Well, of course, we initially made the pleasuremeter for medical doctors and for psychologists. And not to go in-depth, it's not for in-depth psycho-sexual counselling or people with traumas. But it is if someone comes in and says I have a problem with sex that you can help to unpack what the problems are to see where you set your priorities. But I think we should use it for education as well. I was thinking maybe to also try to unpack a sexual pleasure. How can you measure it in education? That's why I also unpacked what kind of issues you have addressed in your curriculum in school. Now, these are only indicators, but I think it would be quite interesting to think about. Maybe not just talking about sex, but it's more about how are we dealing with ourselves and with the world around us? And then you can say, do I have enough respect for myself? Do I have enough empathy for others? And how do I show empathy to others? Am I able to communicate and not only say what I want but also listen to what the other person wants and find a balance between what I want and what the other person wants? Not only is sex but in a broader context. I had also written about self-forgiveness and how to deal with relationships, how to start a relationship and how to end the relationship. So I think if you can say first for sexual pleasure teachers don't like, it depends where you are, but you can say we want to address the emotional aspects of sexual relationships. Then you deal very much with the emotional parts, and then you can say, okay, how do we address these issues? It's very public health, not that there's something wrong with public health, but how now can we include much more of the emotional aspects of sexuality in our education. And I think you can use the pleasure meter for that. I'm trying to say these are topics we have to address for a happier relationship or for a happy sexual relationship. You can almost make some educational modules out of it, basically. I think that unpacking things for people, especially for the teachers and for the educators, helps a lot.

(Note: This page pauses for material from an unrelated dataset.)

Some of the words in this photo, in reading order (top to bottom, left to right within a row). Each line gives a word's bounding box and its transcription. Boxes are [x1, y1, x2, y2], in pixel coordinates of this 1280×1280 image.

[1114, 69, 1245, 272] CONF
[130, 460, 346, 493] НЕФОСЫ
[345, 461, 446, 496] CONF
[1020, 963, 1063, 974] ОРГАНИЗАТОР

The pleasuremeter From GAB training toolkit:
I think relationships are a big one as well because it's something that is not taught at all about how you manage romantic or even friendship relationships and a lot of people instinctively just copy the relationships they see. For example, if the only romantic relationship they see growing up is with their parents, they're likely to copy that dynamic in their own relationships. You're not really taught about how you should be treated in a relationship, what to expect, and how to expect respect both ways and things like that. And then I think that further extends to sexual relationships regarding respect and also communication. I also believe that because young people don't know a lot about their bodies or their partners, especially young women, they don't know a lot about their bodies, and they themselves don't know how to communicate it because they don't know what is even going on.

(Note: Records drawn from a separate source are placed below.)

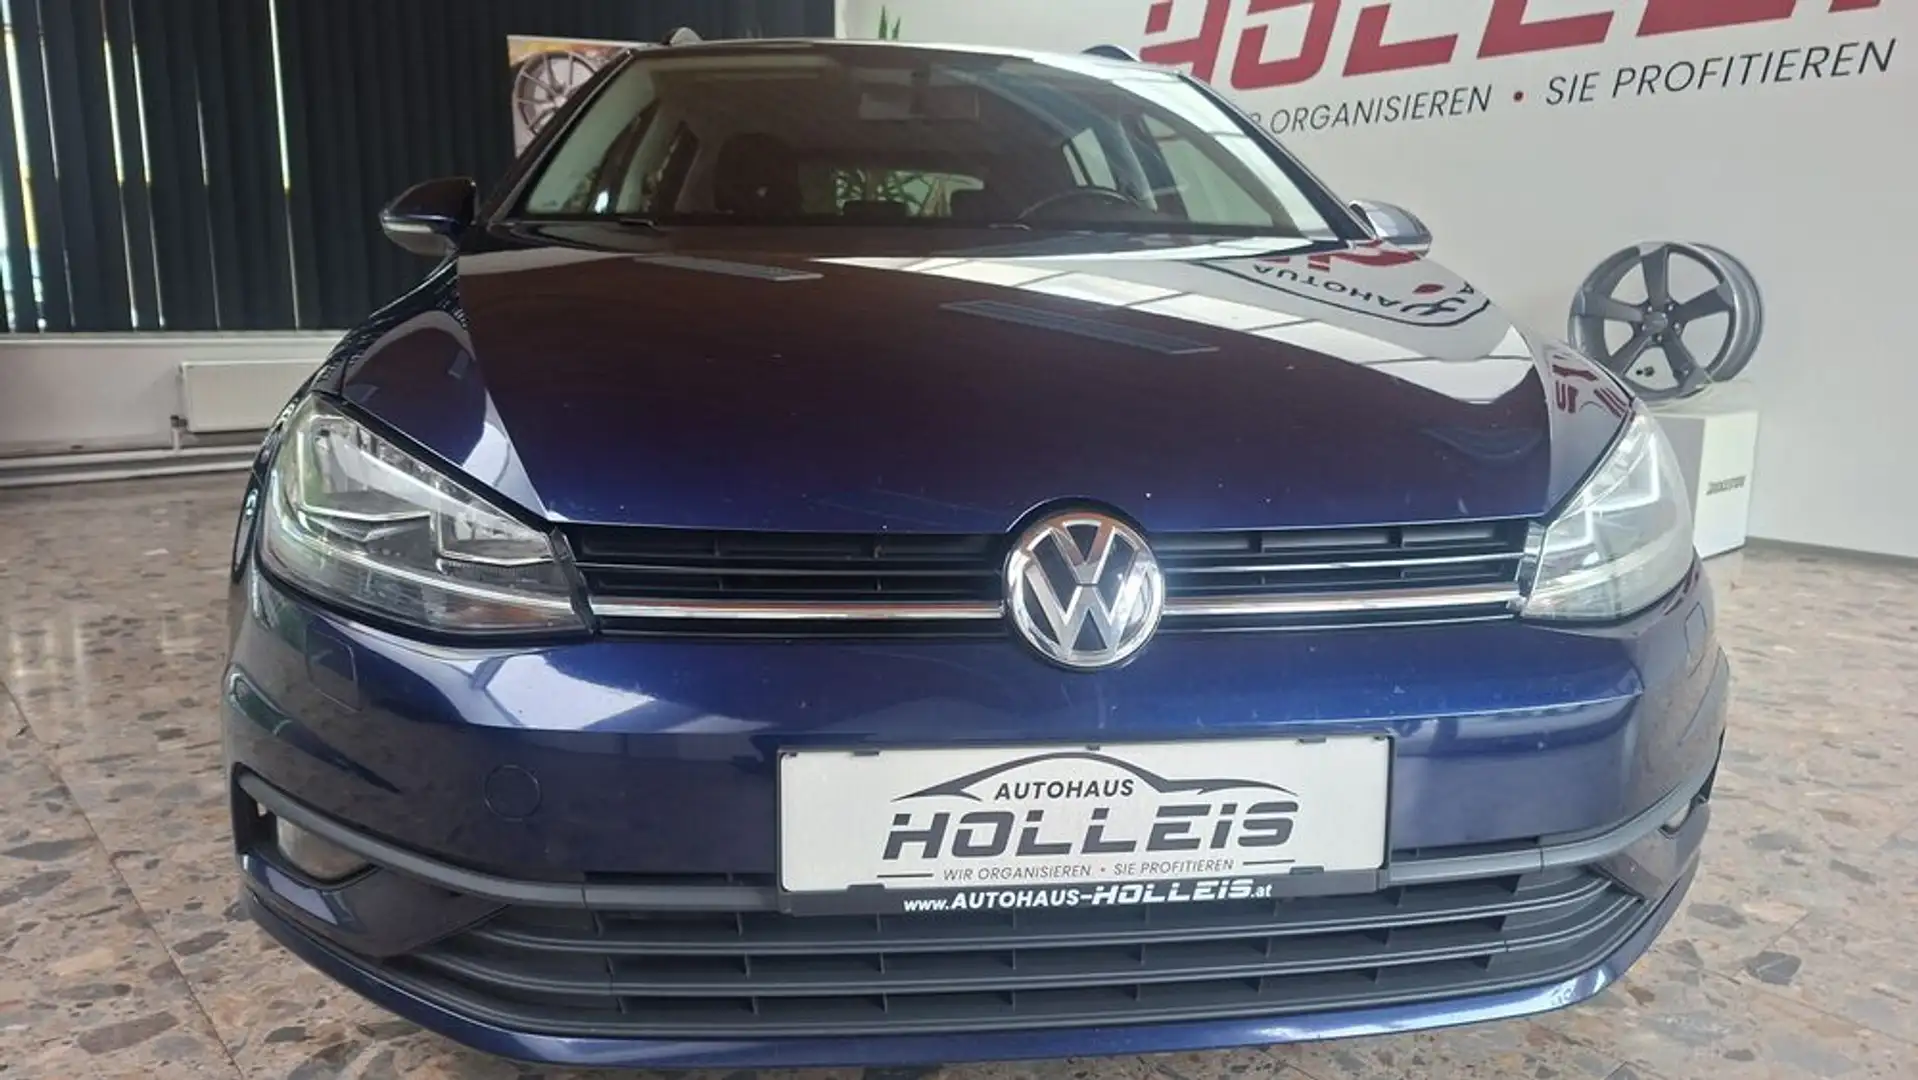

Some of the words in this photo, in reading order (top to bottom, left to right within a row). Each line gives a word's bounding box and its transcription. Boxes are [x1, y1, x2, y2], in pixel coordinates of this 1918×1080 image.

[1270, 84, 1491, 134] ORGANISIEREN
[1545, 71, 1600, 105] SIE
[1612, 38, 1896, 99] PROFITIEREN
[994, 779, 1135, 801] AUTOHAUS
[882, 801, 1299, 860] HOLLEIS
[943, 867, 974, 881] WIR
[977, 864, 1091, 880] ORGANISIEREN
[1114, 862, 1136, 876] SIE
[1139, 859, 1234, 875] PROFITIEREN

I find it difficult because you have to say what you want. What the hell do I know what I want? I still don't always know what I want. And it gives so much pressure that I need to know exactly what I want. I think it was someone who said you have a battle of the sexes, but it's not a battle; it's a battle women always lose. So it's not really an equal battle. And I'm not sure whether that's totally true. And it was quite pessimistic because she said, well, actually, men and women don't use language in the same way. It is interesting that men and women use language in a different way, especially when talking about sex or relationships. So first, you have to understand what each other's language is basically. But that becomes very theoretical. But I think to understand what is a kind of common language we can use actually, I have to keep on communicating before sex, during sex and after sex. It's not a one-time before sex. Let's do this and not do that. But it's content kind of trying to understand each other because it's very difficult to understand the other, but try to understand the other and trying to in a respectful way, say to the other, well, let's not do this, but let's do something else.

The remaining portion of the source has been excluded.